1979: James ‘Jes’ Staley joins commercial lender and bond dealer Morgan Guaranty, a forerunner to JPMorgan.
1999: Staley was appointed boss of JPMorgan’s private bank, whose many clients included financier Jeffery Epstein, who referred “dozens” of clients to Staley, the New York Times reported.
2001: Was promoted to CEO of JPM asset management.
2008: Epstein is imprisoned in New York for soliciting prostitution. Staley visited Epstein in prison, the NYT reports.
2009: Staley is made boss of the whole investment banking arm of JPMorgan.
Jan 2013: Staley leaves job as chairman of JPMorgan’s investment banking arm to join hedge fund Blue Mountain Capital Management.
Apr 2015: Staley visits Epstein’s private island in the Caribbean for several hours with his wife, Bloomberg has since reported. Staley now says his relationship with Epstein “began to taper off as I left JPM and contact became much less frequent in 2013, 2014” and ended in 2015
May 2015: Barclays is fined £284.4mln by the FCA as part of a £1.5bn settlement with the City watchdog and four US regulators.
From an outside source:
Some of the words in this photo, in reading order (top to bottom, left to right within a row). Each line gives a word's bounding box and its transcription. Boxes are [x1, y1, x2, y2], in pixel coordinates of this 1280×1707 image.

Barclays was also ordered to pay $115m to the US Department of Justice because the activity violated agreements made in the aftermath of a US$450mln fine for Libor rigging in 2012.
Jul 2015: Barclays board fires CEO Antony Jenkins, as they and major investors were apparently not happy with the slow pace of turnaround.
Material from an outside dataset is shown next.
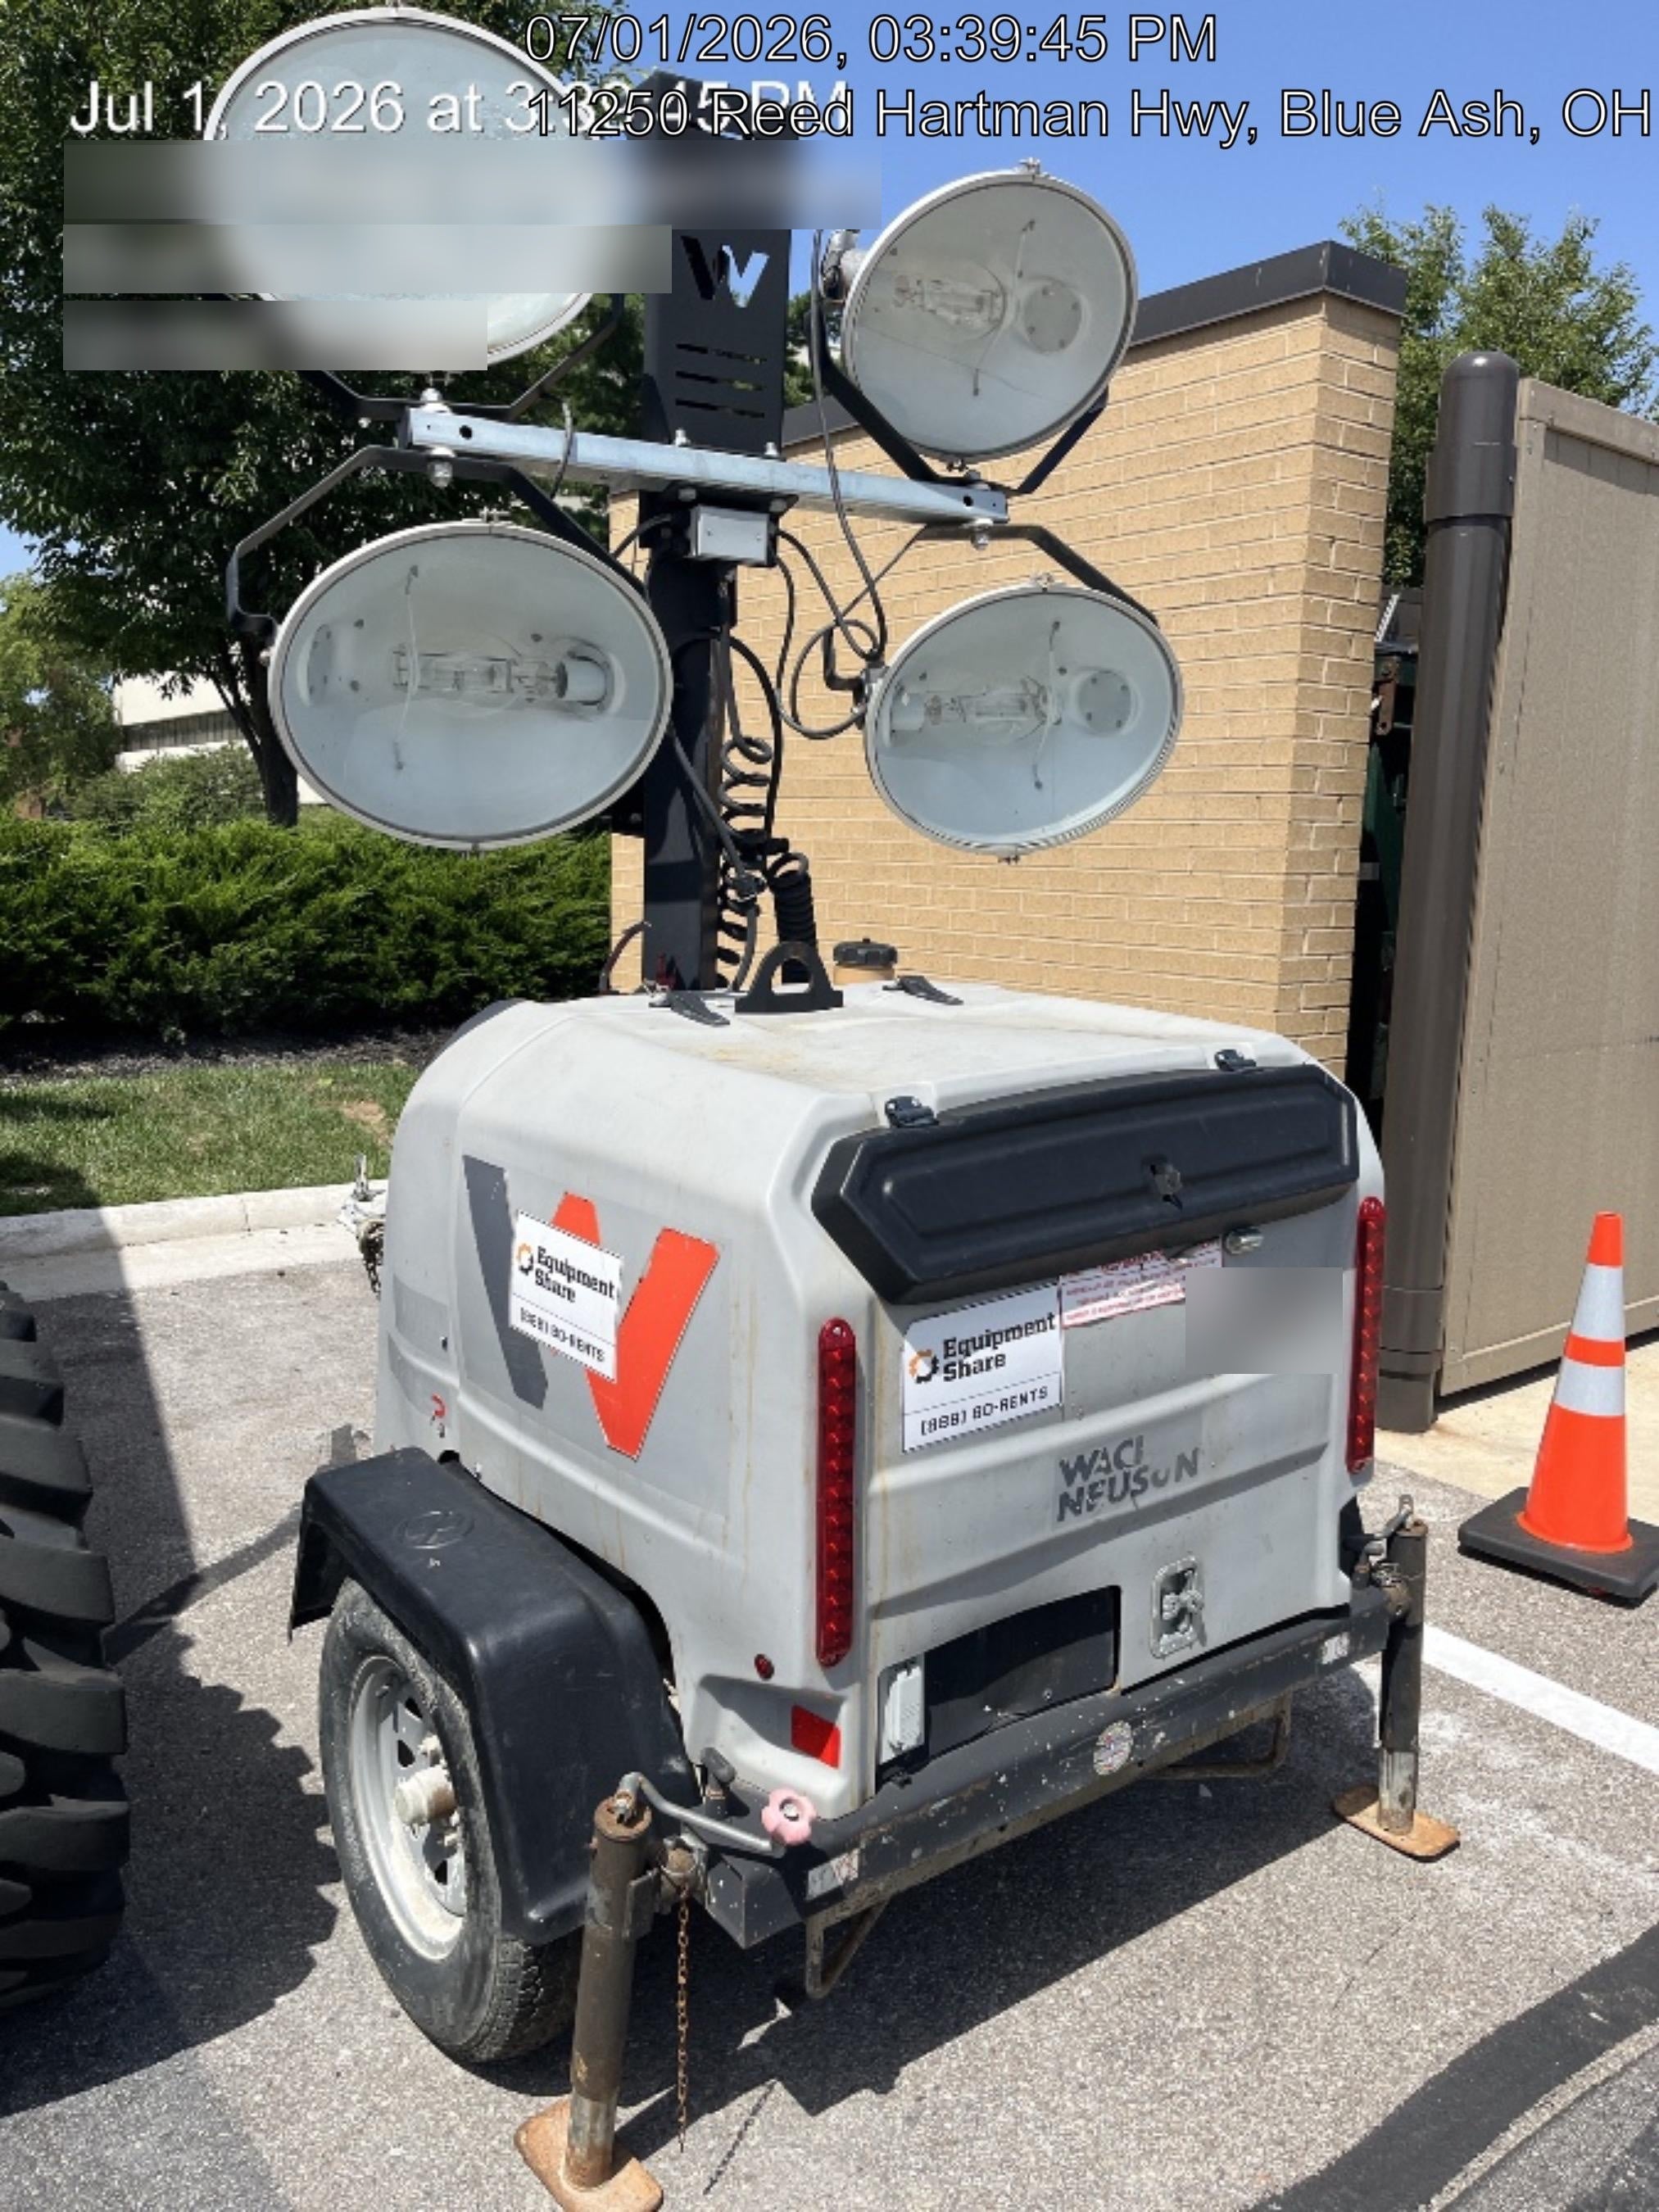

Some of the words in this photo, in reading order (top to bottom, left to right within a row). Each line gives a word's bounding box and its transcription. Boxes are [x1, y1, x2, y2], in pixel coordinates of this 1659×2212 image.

Oct 2015: Barclays hires James ‘Jes’ Staley from Blue Mountain, its fifth chief executive in seven years.
Jun 2016: An anonymous letter is received by Barclays, raising concerns over the appointment of a senior staff member that Staley had hired. The letter, which claimed to be from a shareholder, “John Q. Public”, contained “various allegations, some of which concerned Mr Staley”, it was later revealed. Another letter was later sent that raised questions about the bank’s whistleblowing process.
May 2018: Staley is fined £642,430 by UK regulators the Financial Conduct Authority and the Prudential Regulation Authority and had £500,000 docked from his pay by Barclays over his attempt to unmask the identity of an anonymous whistleblower, including asking the bank’s security team to track them down. A statement says Staley “failed to act with skill, care and diligence”. Staley said he felt that the letter had tried to “assassinate” the character of a senior executive, Tim Main, a former colleague of his from JP Morgan, rather than blow the whistle.
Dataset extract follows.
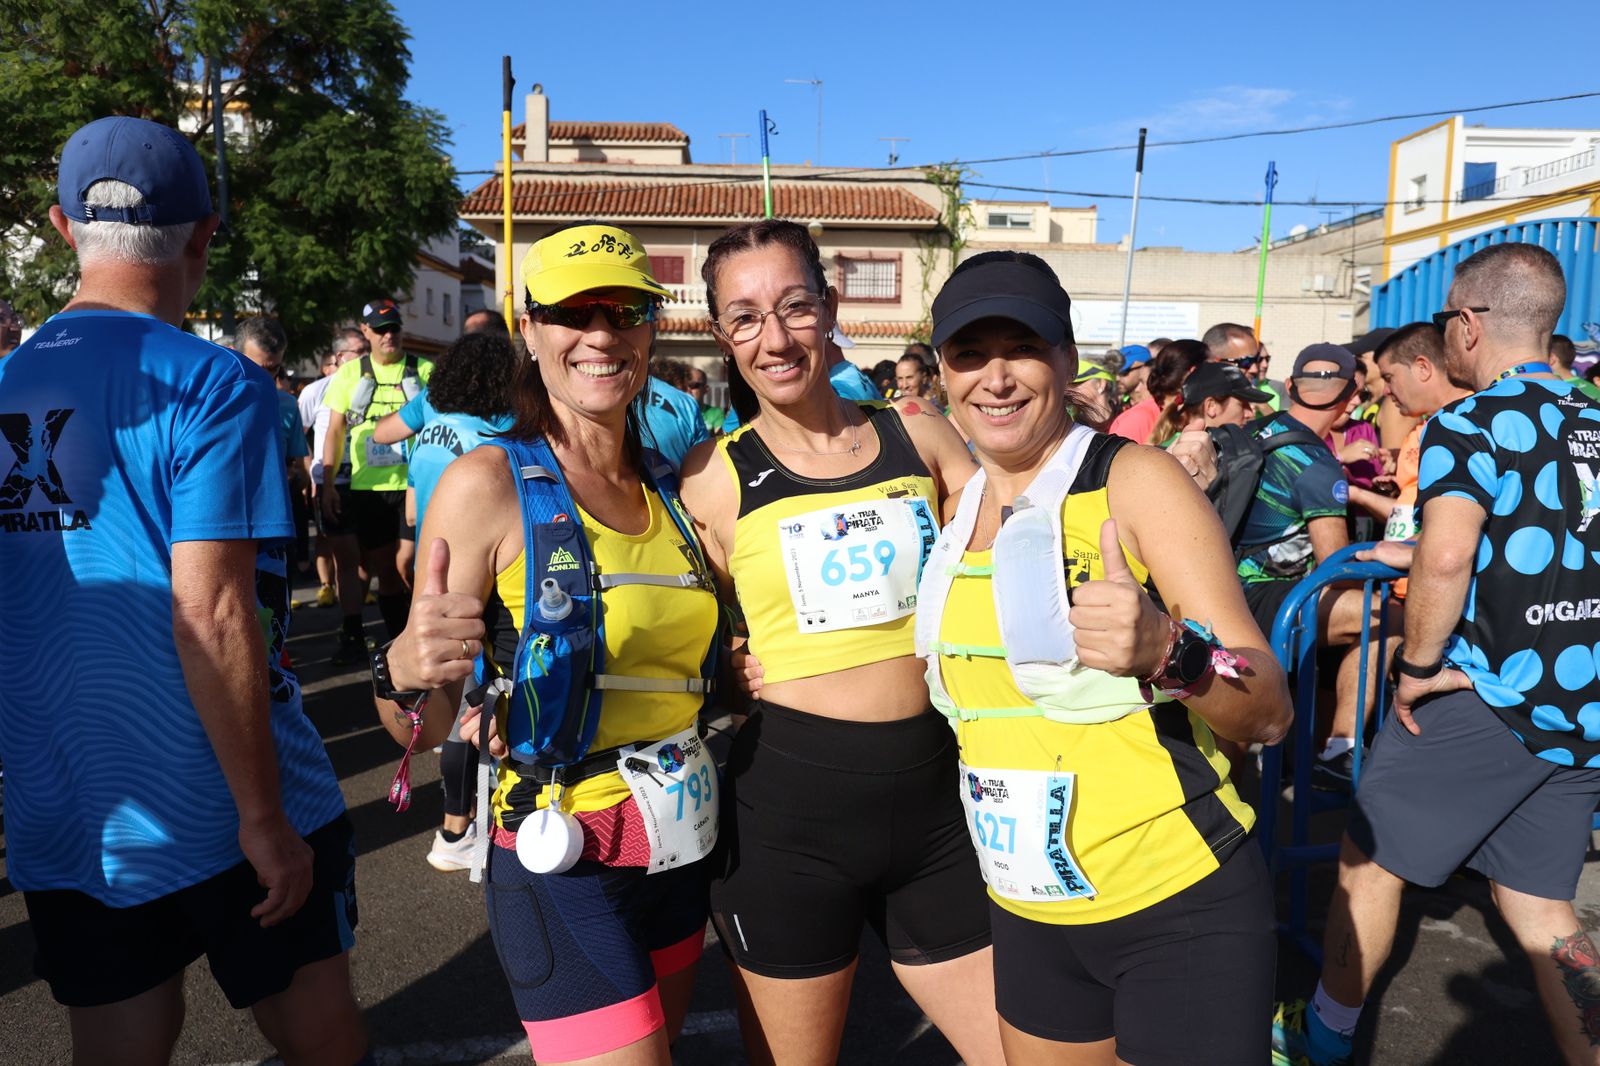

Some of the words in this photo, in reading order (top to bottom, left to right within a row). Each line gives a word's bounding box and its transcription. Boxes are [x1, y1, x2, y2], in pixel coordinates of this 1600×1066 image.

Dec 2018: US regulators fine Barclays US$15mln over the whistleblower issue, saying said the bank had “shortcomings in governance, controls and corporate culture relating to Barclays’ whistleblowing function” and stressing how vital whistleblowers are vital to uncovering and addressing intentional wrongdoing.
Aug 2019: Jeffrey Epstein kills himself in prison as various lawsuits are filed by those alleging he had assaulted them.
Late 2019: With reports highlighting Staley’s historical professional relationship with Epstein, as part of Barclays assessments of its directors it asks him for more assurances, it has now revealed. Staley is said to have given an explanation of his relationship with Epstein to certain Barclays executives and the chairman, and “confirmed to the board that he has had no contact whatsoever with Mr Epstein at any time since taking up his role as Barclays Group CEO in December 2015”.
Feb 2020: Barclays reveals that the Financial Conduct Authority (FCA) and the Prudential Regulation Authority (PRA) both launched an investigation last year, which is said to be ongoing, into Staley’s “characterisation of his relationship with Epstein to Barclays and the subsequent description of that relationship in the company’s response to the FCA”.
Feb 2020: Staley says the relationship ended in the “middle to fall of 2015”, saying there was no contact after he became chief executive of Barclays in December 2015. “I thought I knew him well, and I didn’t. I’m sure with hindsight of what we all know now, I deeply regret having had any relationship with Jeffrey Epstein,” he said.